卵巣嚢腫が大きくなった場合には、お腹に力を入れたり、体の向きを変えたり、ジャンプをしたり、走ったりすることにより、これがきっかけで捻転を起こしてしまうことがあるそうです。このため、卵巣嚢腫がある場合は、激しい運動は控えるべきだとされています。

しかし、激しい運動をしていなくても、急にねじれてしまうこともあるそうです。人によっては、くしゃみがきっかけだったり、寝返りした瞬間に引っ張られて捻転が起きるということあります。妊娠を気にねじれてしまうケースもあります。

卵巣嚢腫茎捻転の治療法

卵巣嚢腫が5cm以下で、茎捻転が起こっていない場合は、経過観察という判断がなされることも多いようです。

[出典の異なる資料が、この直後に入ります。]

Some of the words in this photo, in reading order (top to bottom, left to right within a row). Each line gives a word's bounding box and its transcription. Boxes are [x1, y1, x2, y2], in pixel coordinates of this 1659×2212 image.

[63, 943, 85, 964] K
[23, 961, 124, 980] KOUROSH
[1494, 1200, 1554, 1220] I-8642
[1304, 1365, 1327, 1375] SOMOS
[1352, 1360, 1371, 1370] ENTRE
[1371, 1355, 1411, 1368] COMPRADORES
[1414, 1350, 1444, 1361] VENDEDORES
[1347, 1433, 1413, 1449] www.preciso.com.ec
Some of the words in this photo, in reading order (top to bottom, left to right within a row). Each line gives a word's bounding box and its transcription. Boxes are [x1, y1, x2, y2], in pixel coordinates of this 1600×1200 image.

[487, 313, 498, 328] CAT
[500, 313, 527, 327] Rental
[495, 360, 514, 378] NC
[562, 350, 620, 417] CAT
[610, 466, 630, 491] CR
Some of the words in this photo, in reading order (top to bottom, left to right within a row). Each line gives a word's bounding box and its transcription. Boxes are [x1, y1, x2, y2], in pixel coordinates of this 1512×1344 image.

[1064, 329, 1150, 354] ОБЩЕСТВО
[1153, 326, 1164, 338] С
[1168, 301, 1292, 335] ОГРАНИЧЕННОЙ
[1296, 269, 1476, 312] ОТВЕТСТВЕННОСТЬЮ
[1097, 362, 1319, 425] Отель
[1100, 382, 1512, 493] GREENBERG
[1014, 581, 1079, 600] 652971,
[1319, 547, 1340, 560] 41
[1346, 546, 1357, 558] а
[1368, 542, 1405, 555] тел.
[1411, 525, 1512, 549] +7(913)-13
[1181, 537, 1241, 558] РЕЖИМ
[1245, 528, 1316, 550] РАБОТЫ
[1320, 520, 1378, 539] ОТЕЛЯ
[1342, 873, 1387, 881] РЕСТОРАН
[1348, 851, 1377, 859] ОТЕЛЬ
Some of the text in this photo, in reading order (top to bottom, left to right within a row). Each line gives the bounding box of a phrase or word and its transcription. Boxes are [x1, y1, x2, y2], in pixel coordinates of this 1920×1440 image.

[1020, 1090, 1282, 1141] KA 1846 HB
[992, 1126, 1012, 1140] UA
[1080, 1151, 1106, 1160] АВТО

しかし、卵巣嚢腫が大きくなりすぎたり、茎捻転が起きた場合、手術で卵巣嚢腫と卵管を一緒に摘出することになります。かつては5~10cm程度切開する開腹手術が主流で、嚢腫が悪性である可能性も考慮すると卵巣をすべて摘出するのが安全とされてきました。

■卵巣を温存し妊娠出産が可能な場合も

しかし、卵巣や卵管をすべて切除してしまうと妊娠出産ができなくなってしまいます。患者が若く、将来の妊娠出産を希望する場合は、も卵巣全てを切除するのではなく、嚢腫の部分だけを切除して卵巣を温存するという手術も増えてきているようです。

最近は体への負担が少ない腹腔鏡手術を選択されるケースも増えているようです。腹腔鏡を使って、卵巣嚢腫を正常な卵巣部分からはがして摘出したり、ねじれている部分を元に戻したりする手術が行われます

卵巣嚢腫茎捻転は予防できるの?

卵巣嚢腫や卵巣茎捻転は、将来の妊娠出産ができなくなるおそれもある怖い病気です。予防することはできるのでしょうか。

卵巣はもともと腫瘍ができやすい場所であり、卵巣嚢腫は原因が明らかになっていないので、決定的な予防法はありません。それでも、卵巣嚢腫を早い段階で見つけて経過観察していくことで、重症になることを防ぐことは可能です。そのために、定期的に婦人科検診を受けるのが一番です。

■定期的な婦人科検診を受けましょう

卵巣自体は生理周期に左右されるので、何も異常がなくても腫れてしまい、自然に治ることもあります。またストレスで卵巣が腫れることもあるそうです。定期的に婦人科検診を受けるとともに、生活習慣を整え、過大なストレスがかからない生活を心がけましょう。

まとめ

卵巣嚢腫は良性で小さいうちは大きな問題にはなりませんが、大きくなってくると茎捻転が起こりやすくなってしまいます。卵巣嚢腫は普段の健康診断では発見されにくく、婦人科検診で初めて発見されるケースも少なくありません。婦人科検診は内診を伴うので抵抗を感じる人も多いでしょうが、卵巣の全摘といった事態を防ぐには定期的な検診を受けて、卵巣嚢腫が大きくなりすぎる前に早期発見を目指すのが有効な方法です。

これから妊娠出産を目指す人はもちろんですが、そうでない人も気をつけておきたいですね。